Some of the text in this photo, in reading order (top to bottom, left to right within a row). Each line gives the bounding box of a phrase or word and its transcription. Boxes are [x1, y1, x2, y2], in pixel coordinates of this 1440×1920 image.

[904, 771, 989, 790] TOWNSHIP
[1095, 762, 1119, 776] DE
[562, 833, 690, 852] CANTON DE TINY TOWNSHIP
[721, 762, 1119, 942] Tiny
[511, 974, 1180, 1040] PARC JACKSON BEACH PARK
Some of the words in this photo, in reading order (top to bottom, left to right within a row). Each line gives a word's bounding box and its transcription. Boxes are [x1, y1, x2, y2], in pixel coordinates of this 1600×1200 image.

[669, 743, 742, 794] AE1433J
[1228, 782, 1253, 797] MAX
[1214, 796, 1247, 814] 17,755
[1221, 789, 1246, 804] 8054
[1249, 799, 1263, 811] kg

- - - - - - -

Start at the line containing "Some of the words". Repeat it and each line after it, word for word, to the end of the records.

Result below:
Some of the words in this photo, in reading order (top to bottom, left to right within a row). Each line gives a word's bounding box and its transcription. Boxes are [x1, y1, x2, y2], in pixel coordinates of this 1600×1200 image.

[669, 743, 742, 794] AE1433J
[1228, 782, 1253, 797] MAX
[1214, 796, 1247, 814] 17,755
[1221, 789, 1246, 804] 8054
[1249, 799, 1263, 811] kg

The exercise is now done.